[Tutor] How to create a binary tree hierarchy given a list of elements as its leaves

ThreeBlindQuarks threesomequarks at proton.me
Tue Jan 30 21:59:05 EST 2024



Duh! Sorry Alan, I got misled by empty lines and a comment dedented all the way and stopped looking below to see the rest of the code. 

So, yes, the variable gets emptied rapidly and then refilled.

My major concerns with such designs are that without a decent explanation of intent, it is hard to see if it does what is intended. Often, to report a problem, you both narrow the range so a small example can be run where you show what you expected alongside what you got.

ANd it seems my interpreter gets confused by comments not indented at the level of the code.
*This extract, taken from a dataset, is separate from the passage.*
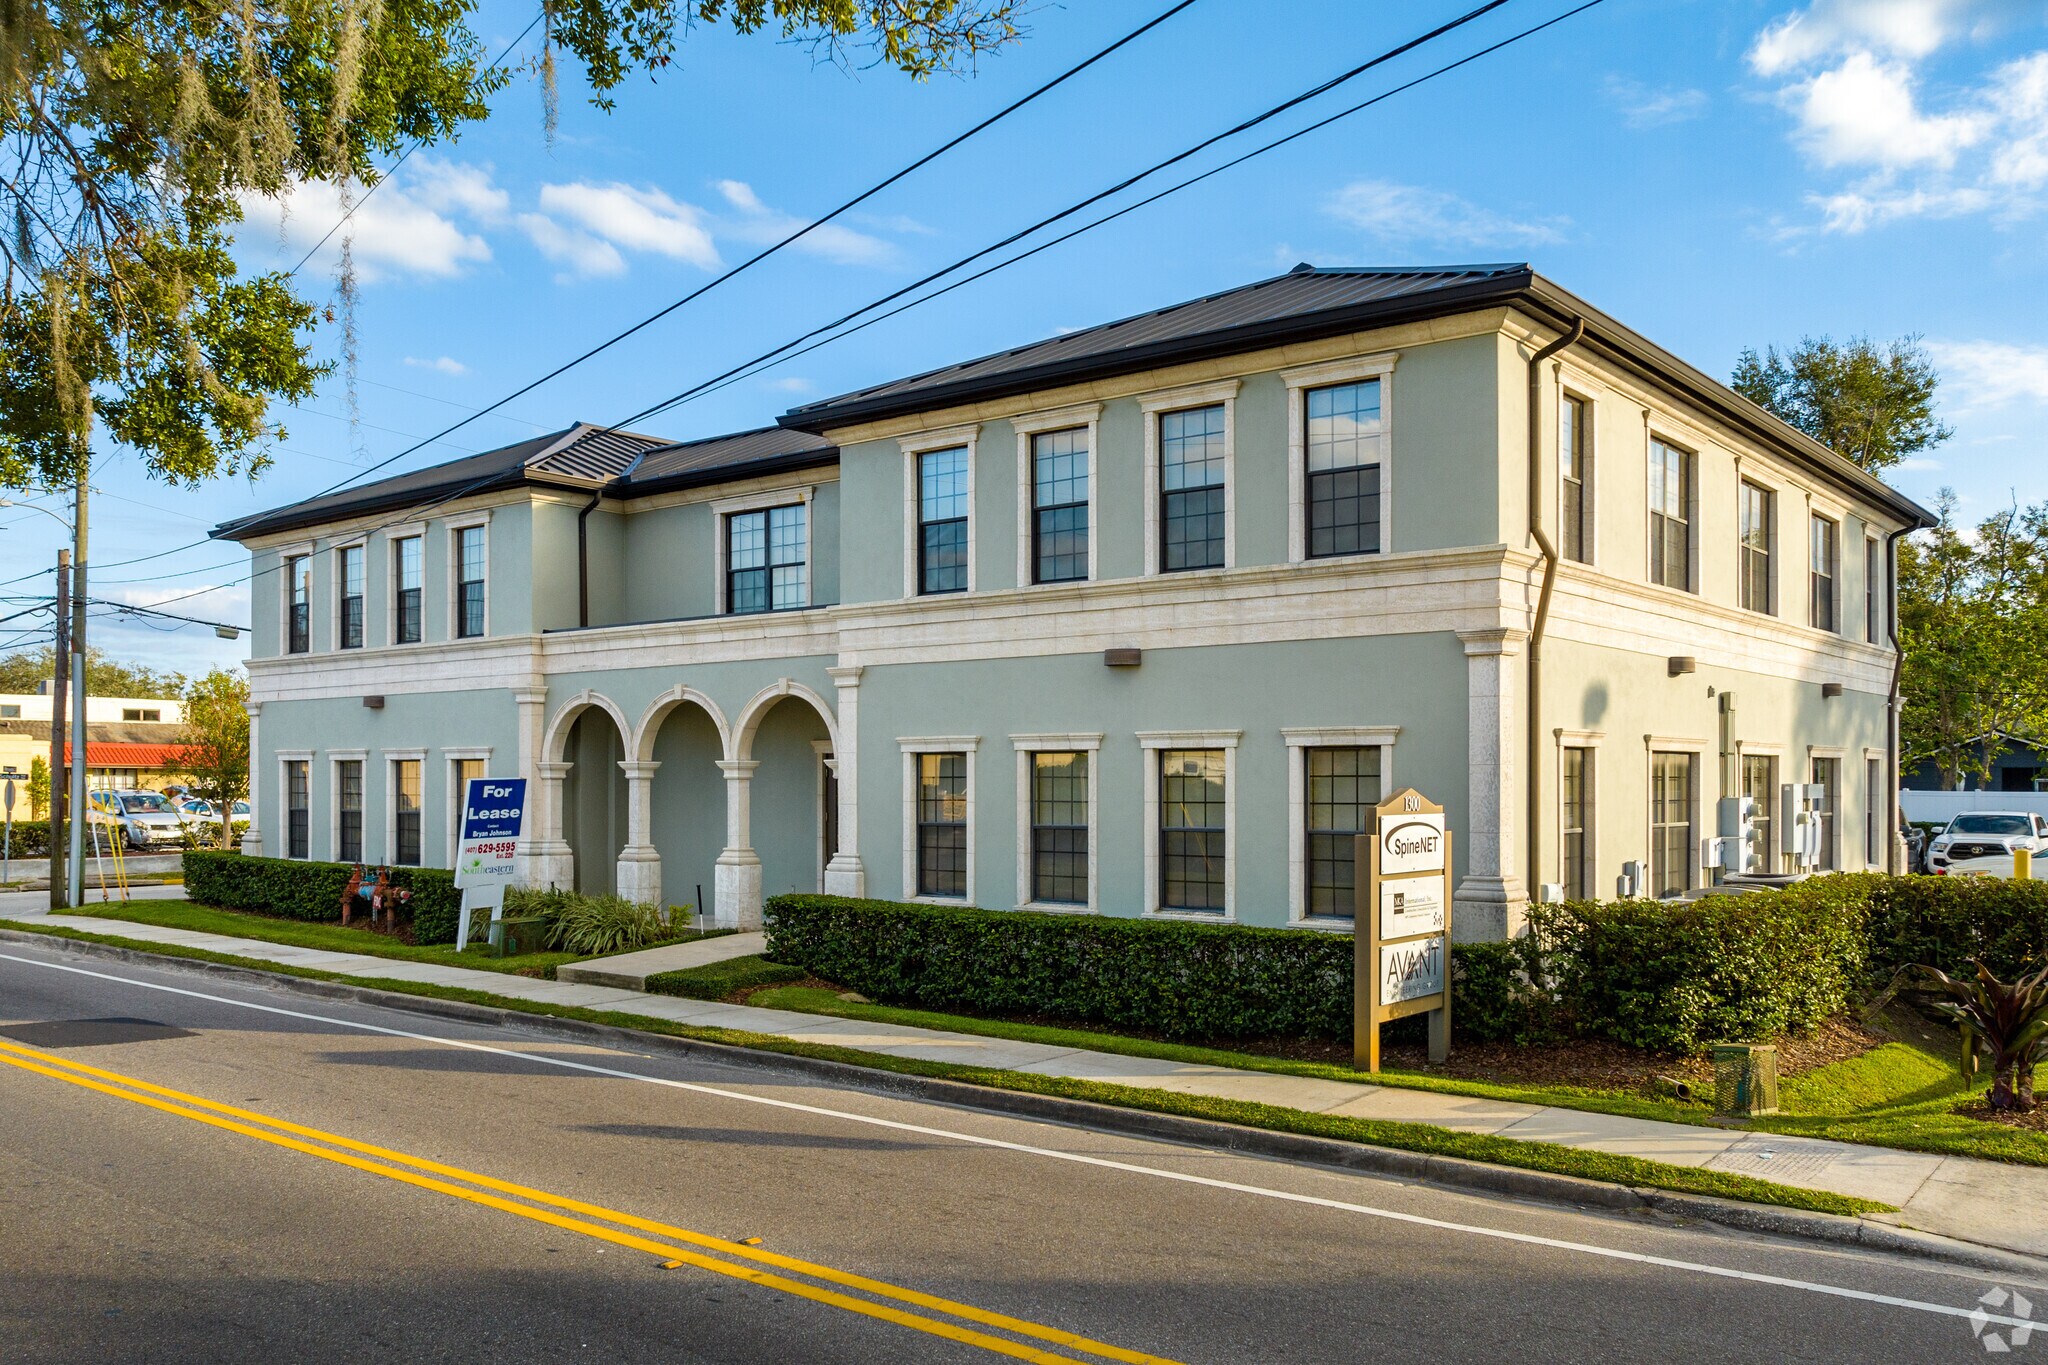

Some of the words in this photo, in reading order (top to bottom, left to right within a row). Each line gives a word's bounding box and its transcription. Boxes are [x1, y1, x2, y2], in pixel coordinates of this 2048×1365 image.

I had to move them to the right to get it to see the full loop too or it went into that infinite loop on the first part.

Ideally code should not be edited after and we should get an exact copy of what was run, albeit I too have no interest in using python 2.0 and I have to ask why anyone is except for legacy code.
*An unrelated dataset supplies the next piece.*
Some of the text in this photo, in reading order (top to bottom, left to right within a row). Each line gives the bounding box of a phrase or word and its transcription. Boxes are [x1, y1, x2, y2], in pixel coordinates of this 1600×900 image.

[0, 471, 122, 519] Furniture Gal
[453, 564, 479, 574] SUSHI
I want to ask a serious question. Are there two programming assignments here with one being smashed together with another?

I mean if you have an assignment to create functions or classes to represent a binary tree with insertions and deletions and traversals, then the payload is not the main point. You then exercise the algorithm with something like root.insert(node) and so on. You do not need random names albeit to really test it, sure, you can make some up. But note that if the algorithm sorts nodes in alphabetical order, then a10 may come ahead of a9. You may need a special order function that takes the two parts apart, or insist on using a01 and a02 and so on so a10 is more than a09.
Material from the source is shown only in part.